--- WHAT TO PRODUCE ---
Give back every record verbatim, but not the pictures.

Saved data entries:
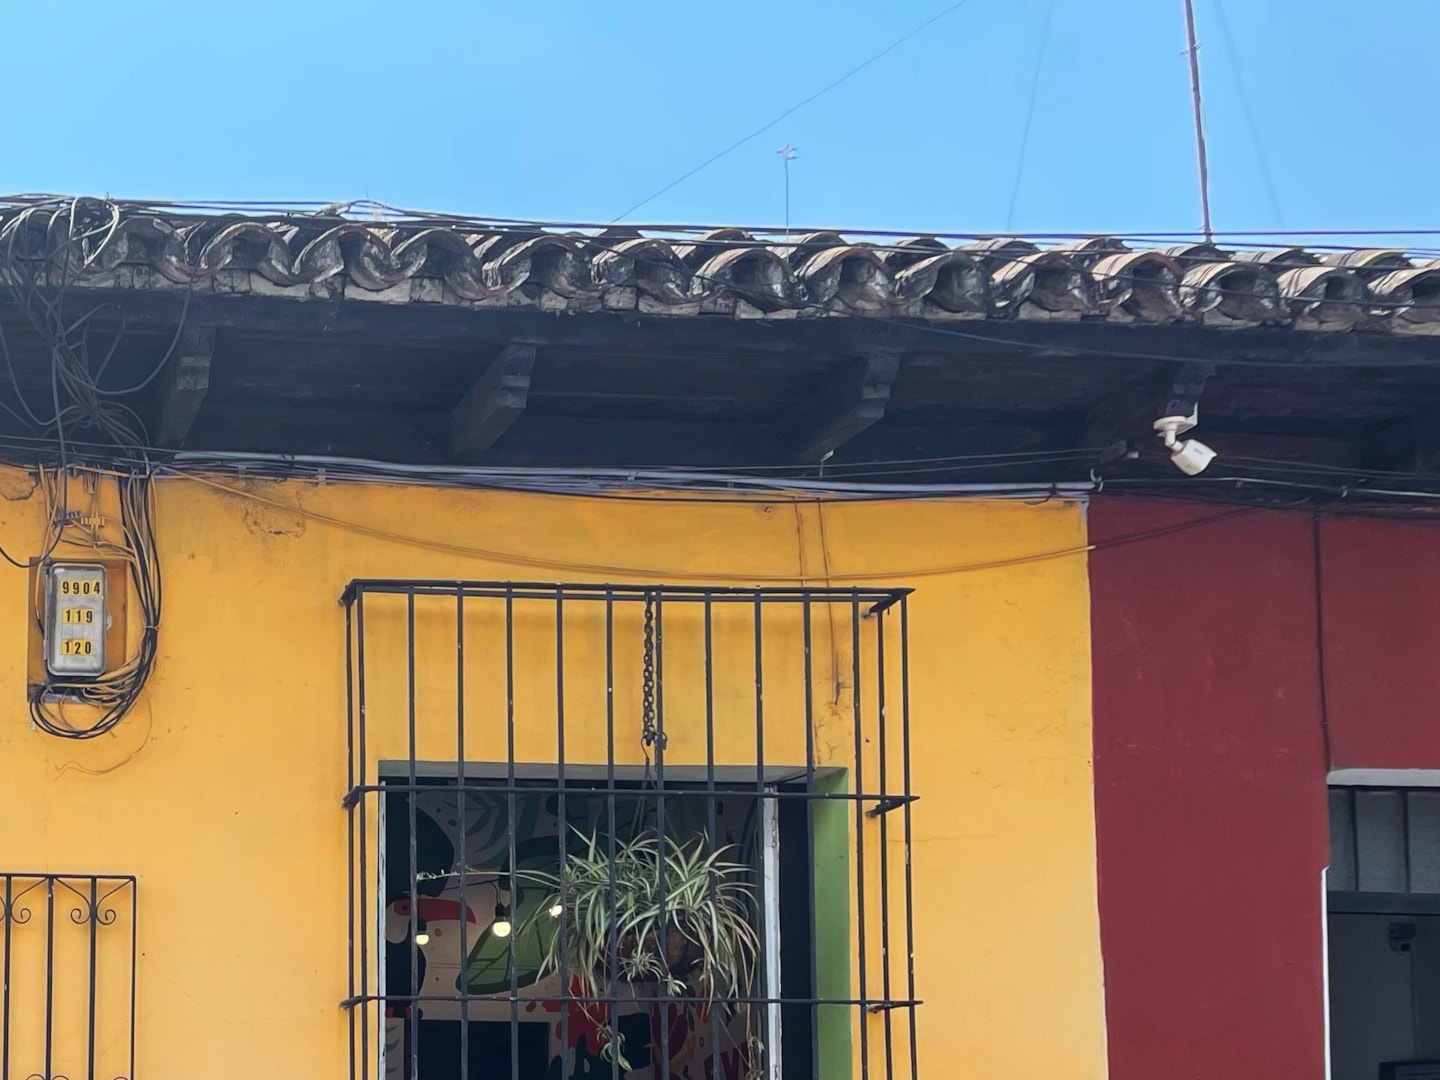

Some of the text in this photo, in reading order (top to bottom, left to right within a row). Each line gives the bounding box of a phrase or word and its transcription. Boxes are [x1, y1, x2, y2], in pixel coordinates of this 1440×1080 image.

[62, 581, 101, 595] 9904
[65, 610, 93, 624] 119
[64, 641, 92, 655] 120
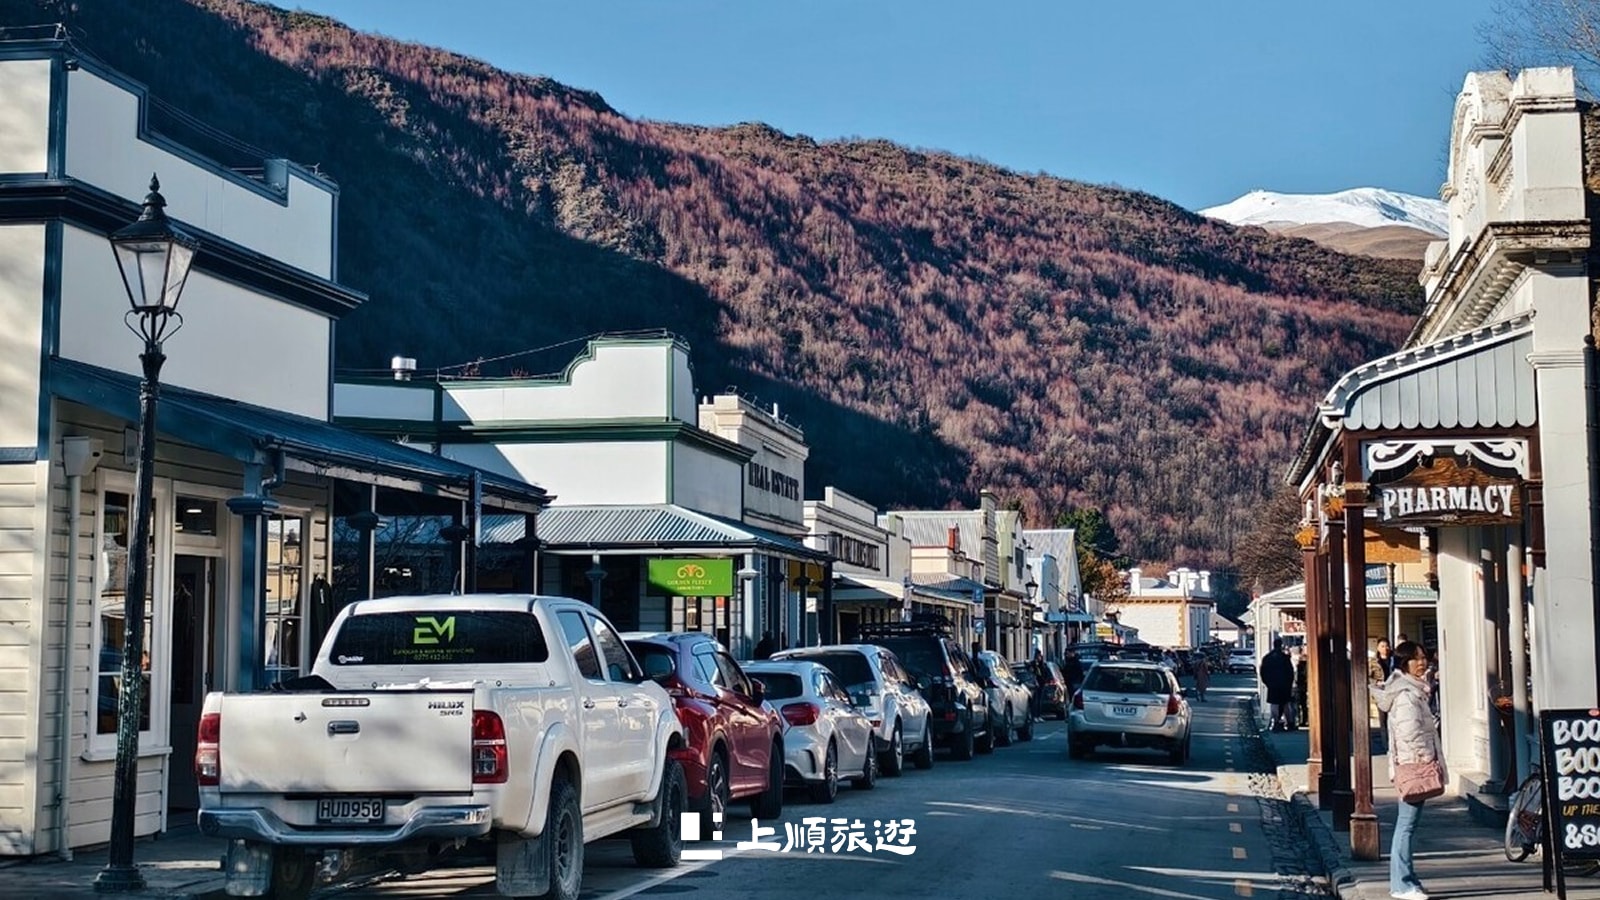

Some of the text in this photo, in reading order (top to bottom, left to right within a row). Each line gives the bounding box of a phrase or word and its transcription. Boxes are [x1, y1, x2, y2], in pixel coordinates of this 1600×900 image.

[748, 461, 800, 502] REAL ESTATE
[1381, 484, 1514, 521] PHARMACY
[428, 701, 465, 709] HILUX
[320, 801, 381, 817] HUD950
[1562, 805, 1578, 816] UP
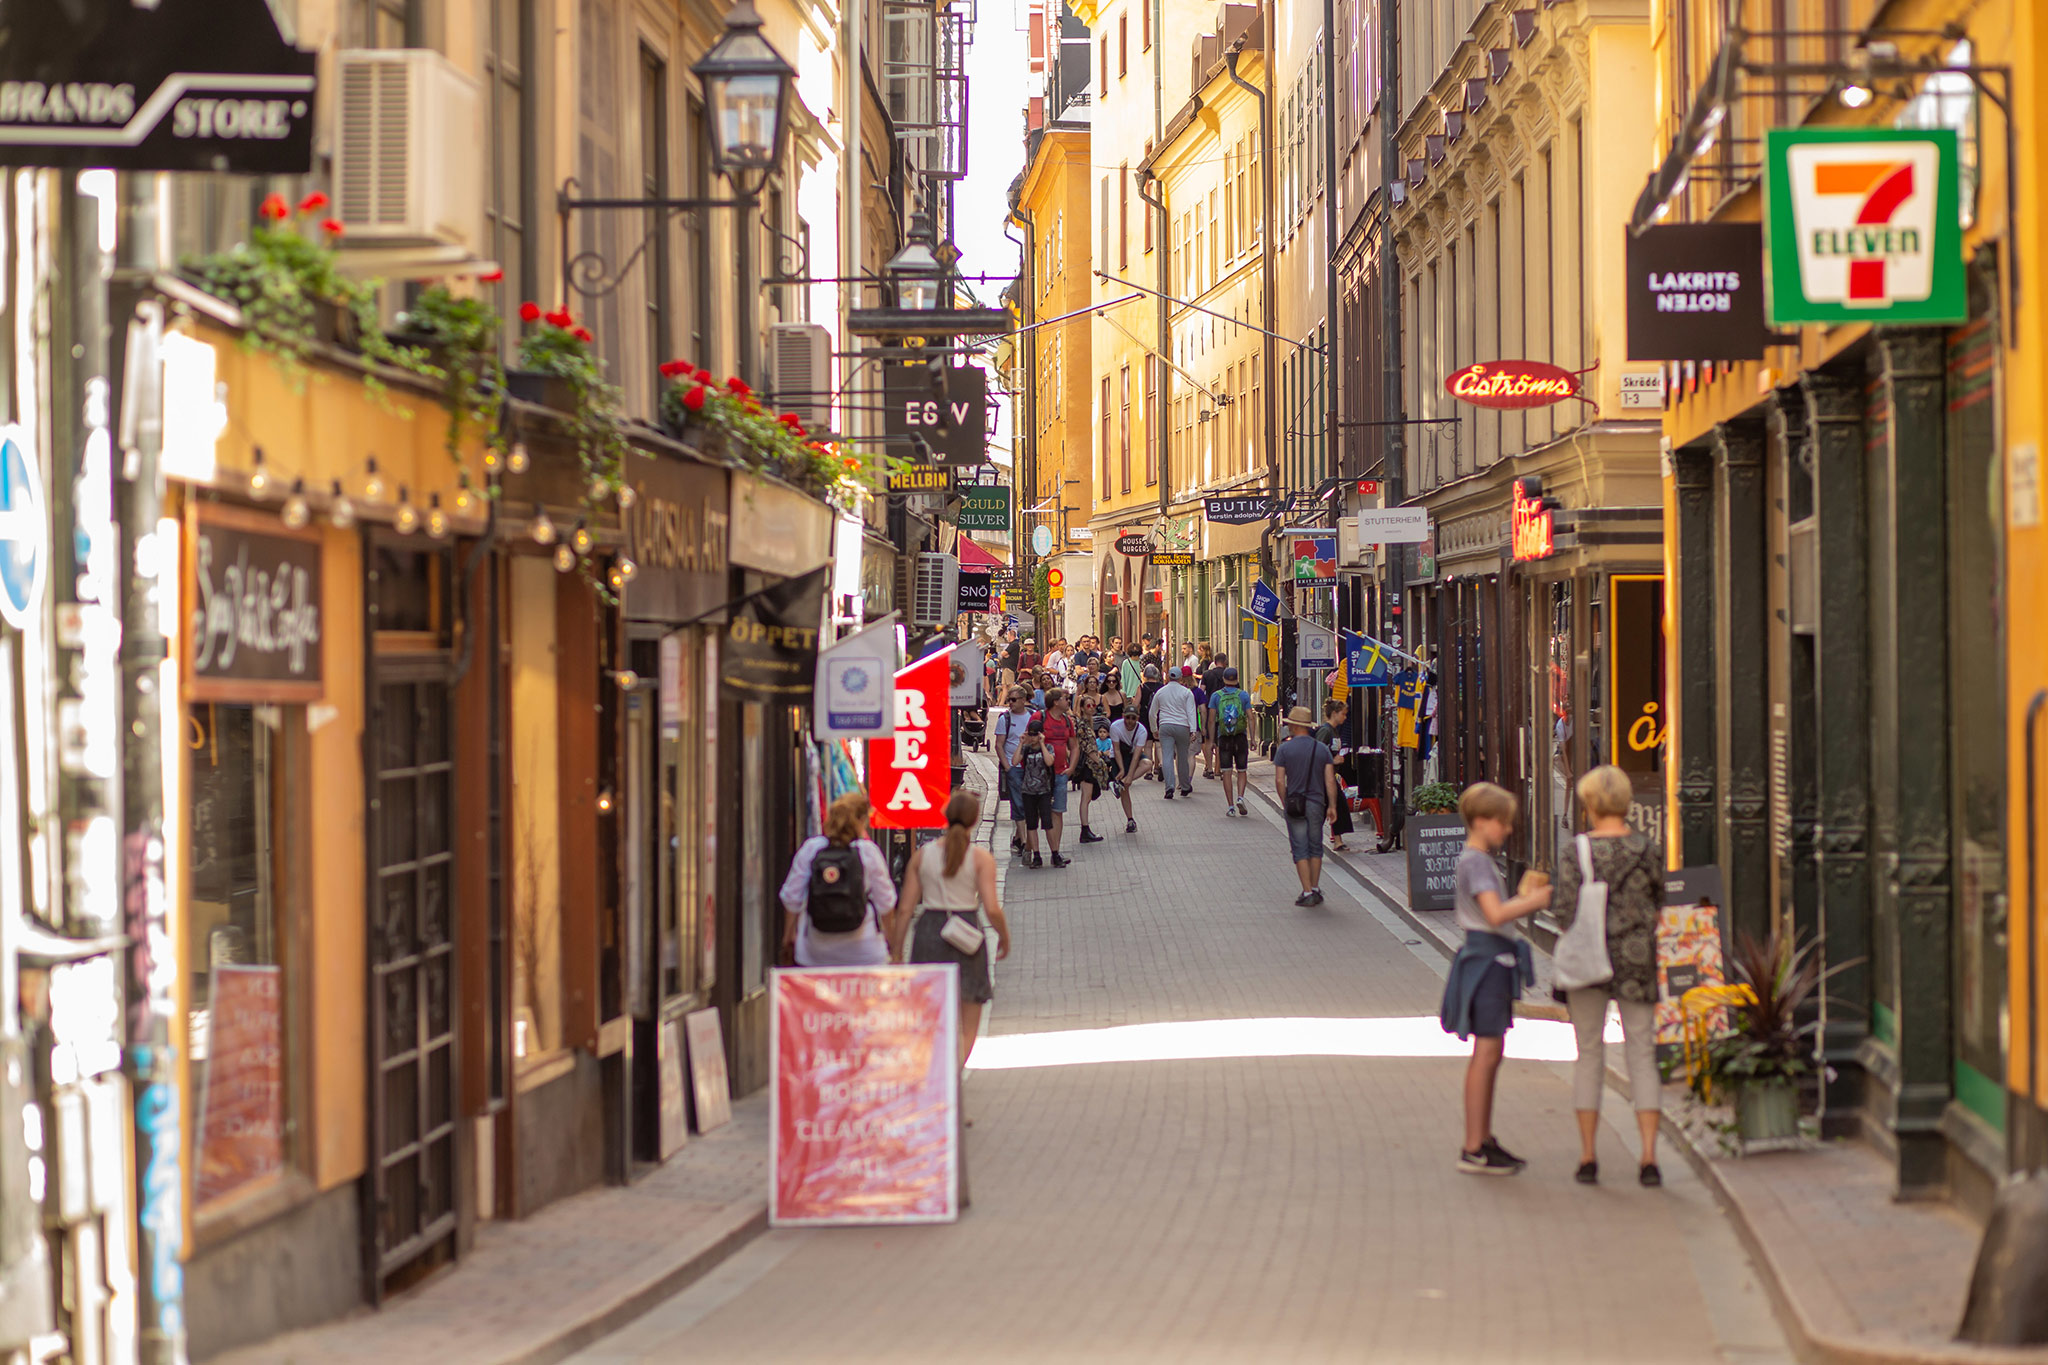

--- ANSWER BOX ---
Some of the text in this photo, in reading order (top to bottom, left to right within a row). Each line gives the bounding box of a phrase or word and its transcription. Boxes are [x1, y1, x2, y2], in pixel coordinates of this 1440×1080 image.

[62, 581, 101, 595] 9904
[65, 610, 93, 624] 119
[64, 641, 92, 655] 120

Some of the text in this photo, in reading order (top to bottom, left to right within a row). Each line gives the bounding box of a phrase or word and its transcription. Boxes are [x1, y1, x2, y2], in pixel coordinates of this 1600×900 image.

[748, 461, 800, 502] REAL ESTATE
[1381, 484, 1514, 521] PHARMACY
[428, 701, 465, 709] HILUX
[320, 801, 381, 817] HUD950
[1562, 805, 1578, 816] UP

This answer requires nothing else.